== Input
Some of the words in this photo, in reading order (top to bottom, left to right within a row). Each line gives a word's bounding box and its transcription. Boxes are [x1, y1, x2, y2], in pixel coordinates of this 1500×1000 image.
====
== Input
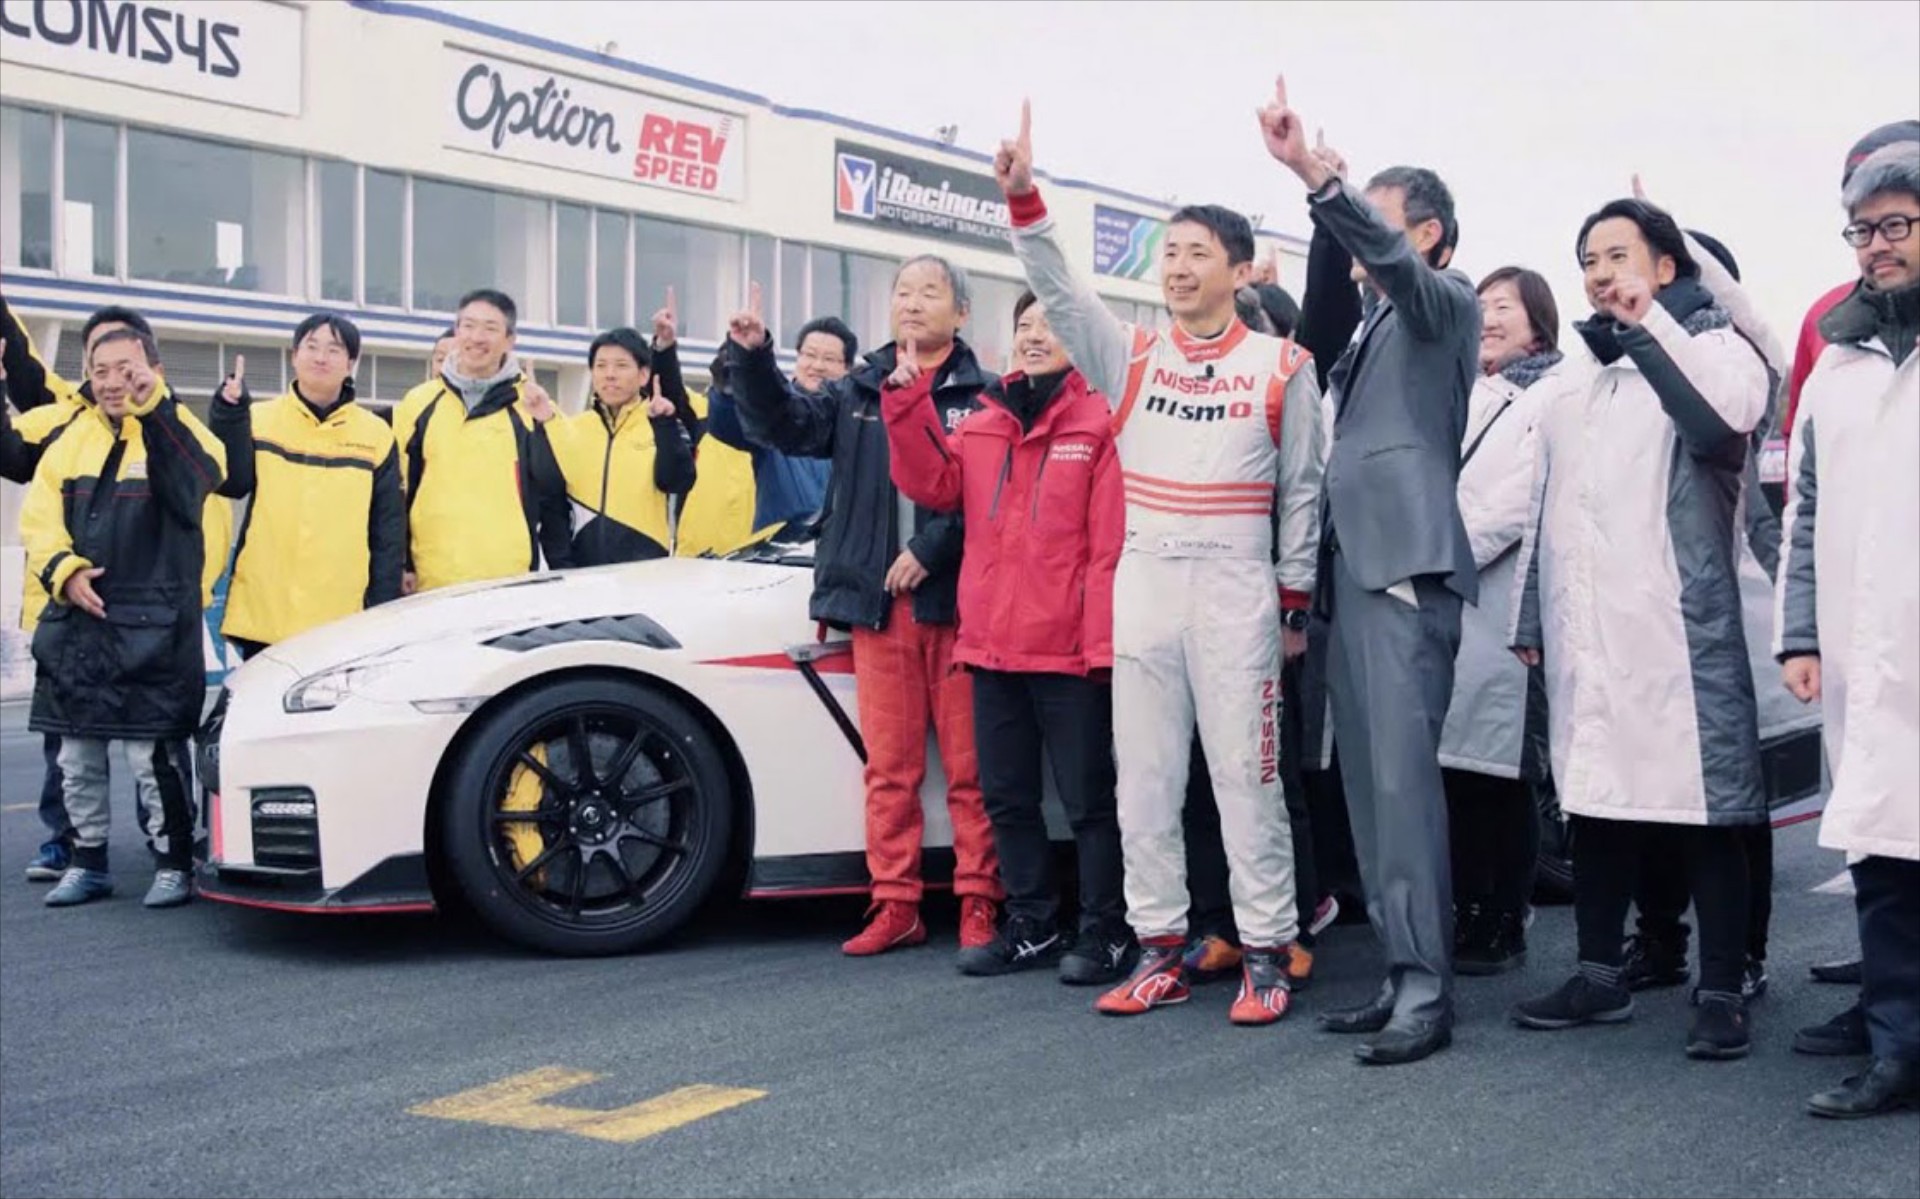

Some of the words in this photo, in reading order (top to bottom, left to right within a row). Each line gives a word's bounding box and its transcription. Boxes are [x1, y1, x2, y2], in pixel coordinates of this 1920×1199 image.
====
== Input
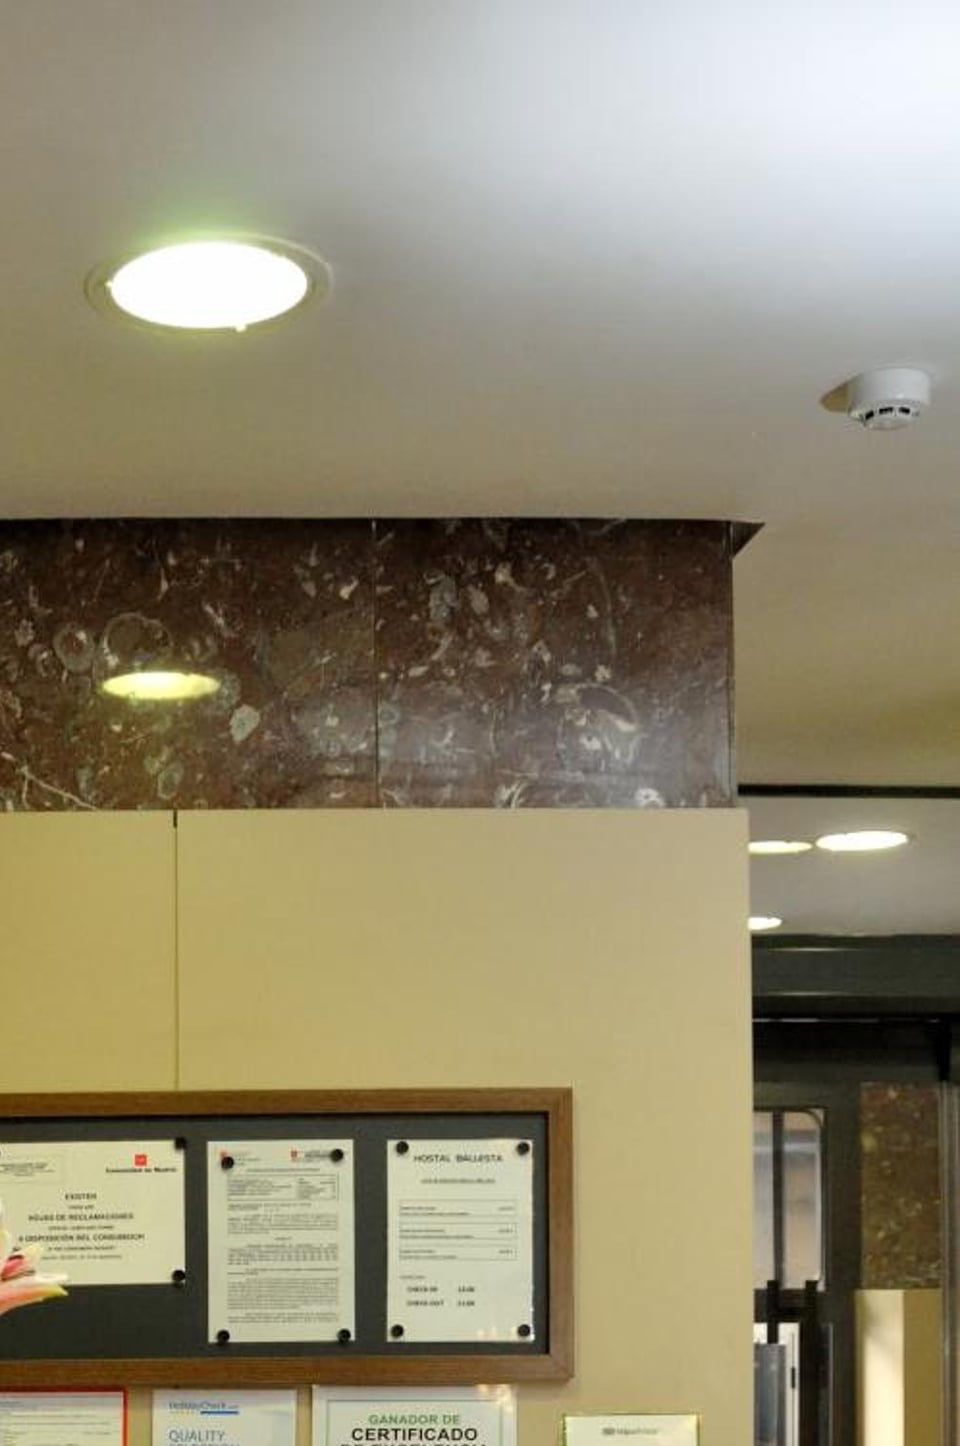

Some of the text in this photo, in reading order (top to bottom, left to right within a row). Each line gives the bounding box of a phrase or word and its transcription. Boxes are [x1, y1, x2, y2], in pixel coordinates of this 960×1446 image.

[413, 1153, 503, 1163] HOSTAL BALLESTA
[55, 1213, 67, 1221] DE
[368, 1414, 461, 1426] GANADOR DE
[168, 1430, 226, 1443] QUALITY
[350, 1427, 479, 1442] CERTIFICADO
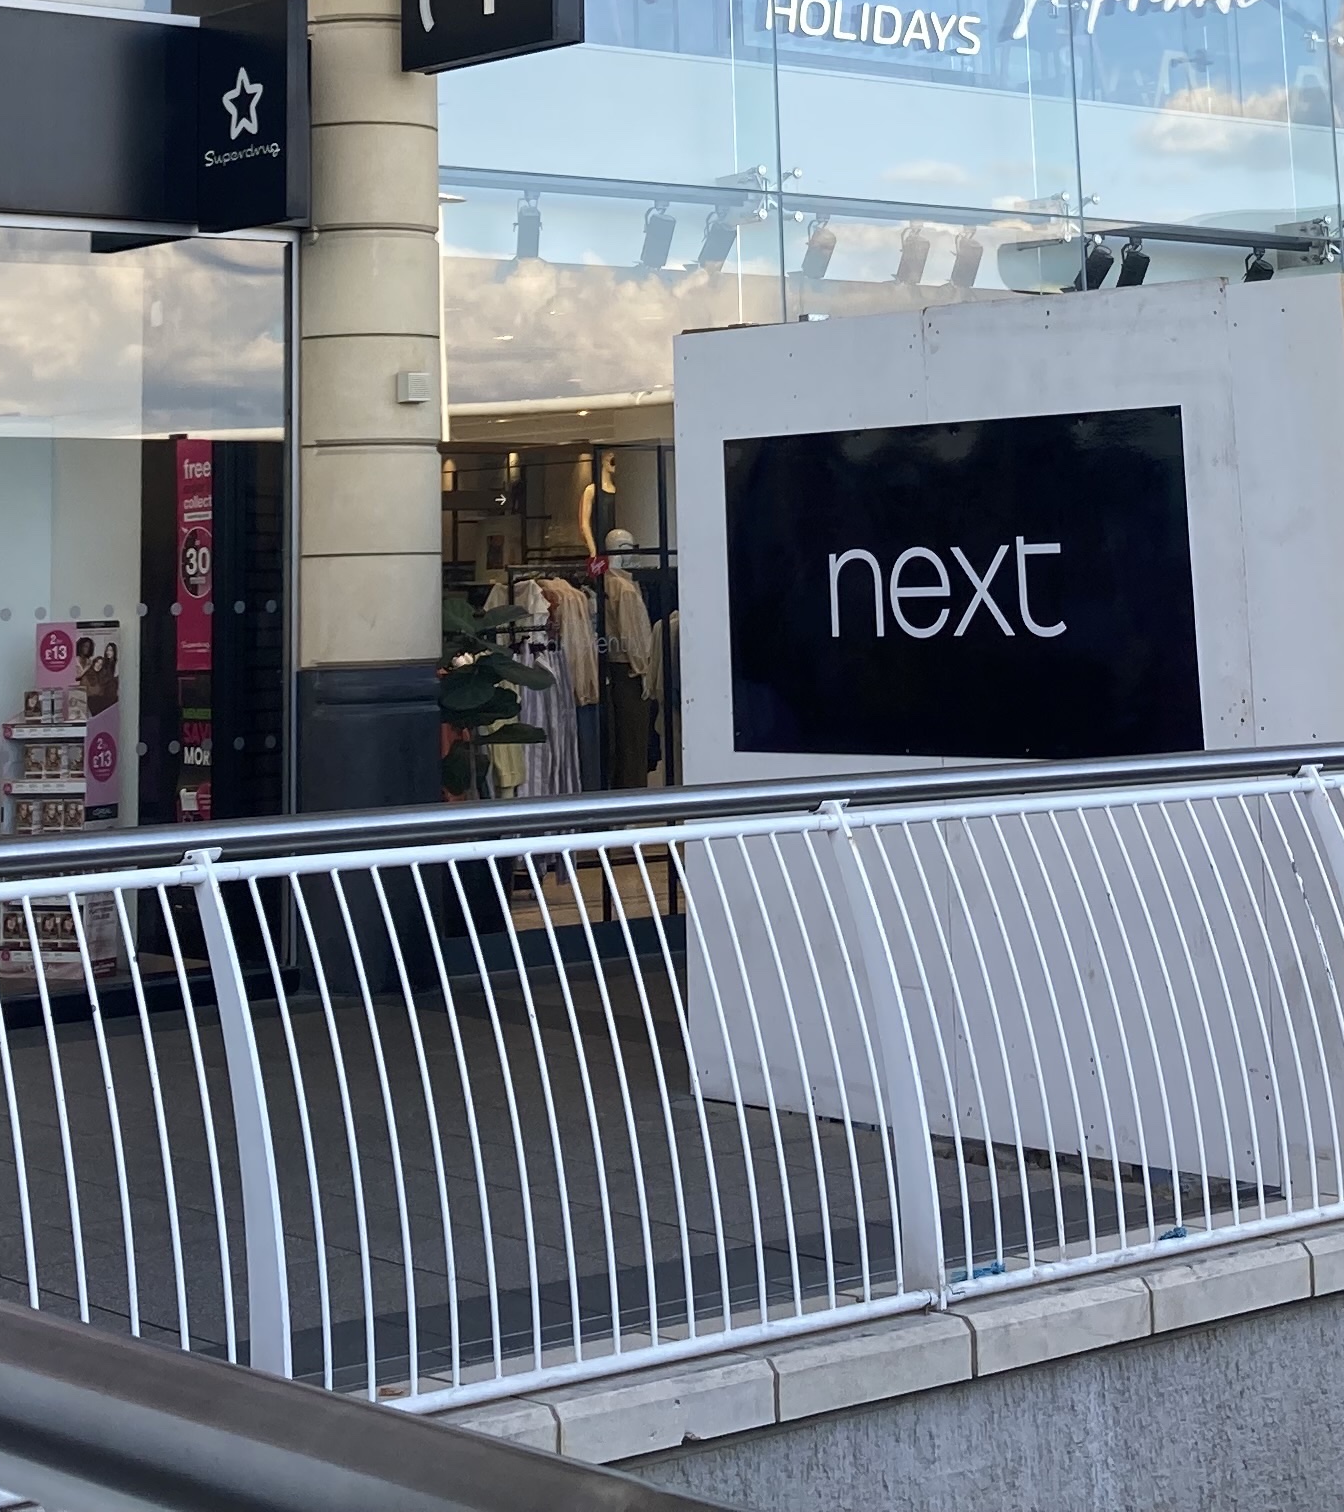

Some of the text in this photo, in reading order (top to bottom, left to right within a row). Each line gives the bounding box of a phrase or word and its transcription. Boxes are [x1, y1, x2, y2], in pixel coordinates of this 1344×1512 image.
====
**Task goal:** From the line holding "this 960×1446 image." to the line holding "this 1344×1512 image.", both included, retype the entries above exactly and drop the pictures.

**Result for this exercise:**
Some of the text in this photo, in reading order (top to bottom, left to right within a row). Each line gives the bounding box of a phrase or word and its transcription. Boxes are [x1, y1, x2, y2], in pixel coordinates of this 960×1446 image.

[413, 1153, 503, 1163] HOSTAL BALLESTA
[55, 1213, 67, 1221] DE
[368, 1414, 461, 1426] GANADOR DE
[168, 1430, 226, 1443] QUALITY
[350, 1427, 479, 1442] CERTIFICADO

Some of the text in this photo, in reading order (top to bottom, left to right within a row). Each line gives the bounding box of a phrase or word and its transcription. Boxes are [x1, y1, x2, y2], in pixel coordinates of this 1344×1512 image.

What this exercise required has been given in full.